Phrase grounding data
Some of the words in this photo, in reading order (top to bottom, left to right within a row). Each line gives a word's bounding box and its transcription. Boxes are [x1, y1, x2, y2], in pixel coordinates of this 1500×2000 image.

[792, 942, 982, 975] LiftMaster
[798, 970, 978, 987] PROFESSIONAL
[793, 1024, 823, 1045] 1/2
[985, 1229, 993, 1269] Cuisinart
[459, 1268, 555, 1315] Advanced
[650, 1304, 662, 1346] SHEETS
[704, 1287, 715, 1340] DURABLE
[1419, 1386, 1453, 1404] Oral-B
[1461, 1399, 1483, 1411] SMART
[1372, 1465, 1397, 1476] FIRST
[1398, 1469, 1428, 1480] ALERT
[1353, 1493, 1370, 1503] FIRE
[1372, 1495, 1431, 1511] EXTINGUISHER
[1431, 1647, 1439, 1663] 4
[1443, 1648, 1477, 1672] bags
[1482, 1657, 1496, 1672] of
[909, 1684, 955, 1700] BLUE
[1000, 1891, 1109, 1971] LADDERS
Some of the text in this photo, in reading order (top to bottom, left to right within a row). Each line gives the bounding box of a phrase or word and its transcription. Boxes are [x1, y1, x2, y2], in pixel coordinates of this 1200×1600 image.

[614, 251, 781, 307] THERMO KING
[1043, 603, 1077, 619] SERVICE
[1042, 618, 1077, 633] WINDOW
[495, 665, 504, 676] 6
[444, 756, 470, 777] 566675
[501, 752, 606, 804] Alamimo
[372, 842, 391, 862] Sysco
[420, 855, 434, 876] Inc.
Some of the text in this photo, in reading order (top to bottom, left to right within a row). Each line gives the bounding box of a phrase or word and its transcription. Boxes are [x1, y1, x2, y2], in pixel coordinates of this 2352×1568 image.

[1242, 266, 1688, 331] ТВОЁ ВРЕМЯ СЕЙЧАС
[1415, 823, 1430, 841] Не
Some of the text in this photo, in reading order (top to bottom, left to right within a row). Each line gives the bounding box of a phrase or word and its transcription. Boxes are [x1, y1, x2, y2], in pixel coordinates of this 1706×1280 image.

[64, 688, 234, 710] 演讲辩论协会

**WHAT TO PRODUCE:**
Would you be able to transcribe every line of the data exactly?

**SOLUTION TO THE EXERCISE:**
Some of the words in this photo, in reading order (top to bottom, left to right within a row). Each line gives a word's bounding box and its transcription. Boxes are [x1, y1, x2, y2], in pixel coordinates of this 1500×2000 image.

[792, 942, 982, 975] LiftMaster
[798, 970, 978, 987] PROFESSIONAL
[793, 1024, 823, 1045] 1/2
[985, 1229, 993, 1269] Cuisinart
[459, 1268, 555, 1315] Advanced
[650, 1304, 662, 1346] SHEETS
[704, 1287, 715, 1340] DURABLE
[1419, 1386, 1453, 1404] Oral-B
[1461, 1399, 1483, 1411] SMART
[1372, 1465, 1397, 1476] FIRST
[1398, 1469, 1428, 1480] ALERT
[1353, 1493, 1370, 1503] FIRE
[1372, 1495, 1431, 1511] EXTINGUISHER
[1431, 1647, 1439, 1663] 4
[1443, 1648, 1477, 1672] bags
[1482, 1657, 1496, 1672] of
[909, 1684, 955, 1700] BLUE
[1000, 1891, 1109, 1971] LADDERS
Some of the text in this photo, in reading order (top to bottom, left to right within a row). Each line gives the bounding box of a phrase or word and its transcription. Boxes are [x1, y1, x2, y2], in pixel coordinates of this 1200×1600 image.

[614, 251, 781, 307] THERMO KING
[1043, 603, 1077, 619] SERVICE
[1042, 618, 1077, 633] WINDOW
[495, 665, 504, 676] 6
[444, 756, 470, 777] 566675
[501, 752, 606, 804] Alamimo
[372, 842, 391, 862] Sysco
[420, 855, 434, 876] Inc.
Some of the text in this photo, in reading order (top to bottom, left to right within a row). Each line gives the bounding box of a phrase or word and its transcription. Boxes are [x1, y1, x2, y2], in pixel coordinates of this 2352×1568 image.

[1242, 266, 1688, 331] ТВОЁ ВРЕМЯ СЕЙЧАС
[1415, 823, 1430, 841] Не
Some of the text in this photo, in reading order (top to bottom, left to right within a row). Each line gives the bounding box of a phrase or word and its transcription. Boxes are [x1, y1, x2, y2], in pixel coordinates of this 1706×1280 image.

[64, 688, 234, 710] 演讲辩论协会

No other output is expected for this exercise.